Now, where is that example of threads using common code and separate variables?
Seems to me the same technique of making calls and returns with JMPRET could be used by a thread such that it's return address is stored in it's thread local storage. Of course every subroutine you call would have to have it's own return address storage location defined.
We should not need to request any new instructions in the PII.
Bingo, that's just what I was thinking of. Thanks.
So, can we do reentrant, thread safe, subroutines as simply as this:
1) Make the subroutine call with CALL as normal.
2) Ensure the subroutine_ret lable and return instruction are in the threads data area.
3) To return from the subroutine just jump there.
Like so:
Anyone got their FPGA set up to test this?

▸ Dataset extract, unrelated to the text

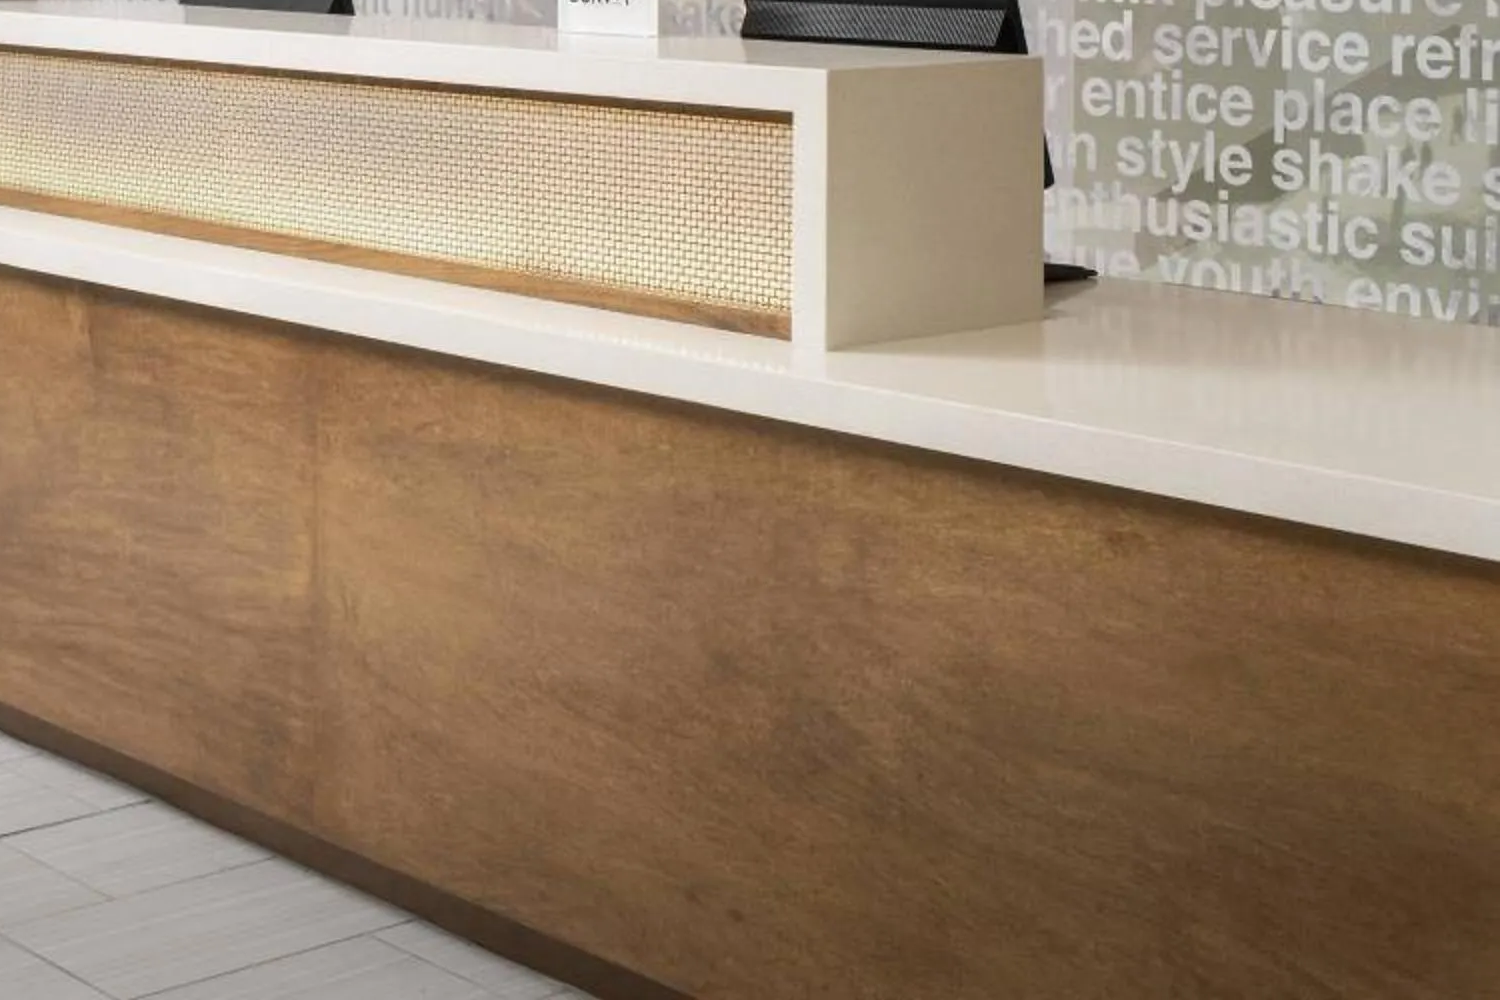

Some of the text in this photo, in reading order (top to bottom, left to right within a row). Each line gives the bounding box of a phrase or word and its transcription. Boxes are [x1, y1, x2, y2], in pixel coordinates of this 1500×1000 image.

Wouldn't the RET instruction cause a problem when the cog is launched?
My understanding is that the variables are treated as NOP's and are ignored.
This relies on the values not being decoded as instructions?
Edit: Only 18 bit values can be used so there not decoded.
Brian
OK can't we just reserve a space with zero in it to store return addresses and and just do a JMP through that location (no #) for our returns? Like so:
Here's a program I just tested on my new DE2 board.
Running 4 tasks calling the same routine.
Both work fine. Hooray!
I'm getting tired but isn't: the same as:
And what is that "jmp_inst" business about?
Not sure I see why we need it.
"mov flash_ret, jmp_inst" puts a jump to zero instruction at the return address location.
The subroutine calls will over write 9 bits of that with their return addresses.
But when we do the return with "jmp flash_ret" we are not using the JMP opcode we put in their (or are we?)
Am I missing some points here?
Flash_ret(,2,3,4) holds the task-specific return address in the lower 9 bits. I don't think it also needs to hold the jump instruction. If you get rid of jmp_inst and the 4 lines that reference it, the code still works, right?
Thanks for a demonstration of some cool techniques!
-Phil
That "call #flash" is an assmbler pseudo op that should build the exact same "jmpret flash_ret,#flash" instruction bit for bit. At least it does for P1.
And as you say we don't need the "jmp" opcode bits in those flash_retx slots.
I just found out my DE0 nano has been trodden on, don't ask, and many of it's header pins are severely bent. Hope they don't fall off when I straighten them out and it still works.
Our posts crossed over. I may be right but has anyone tested it yet? As I said above I'm having some technical hitches here....
You are correct!
It was very late for me and looking at it this morning ...huh?
For some reason I thought the JMP instruction needed to be there?
Here's the corrected code that has been tested.
Cheers
Brian
Fantastic, thanks for that confirmation.
That is so clean and elegant.
This problem turned out to be much easier than I was imagining yesterday.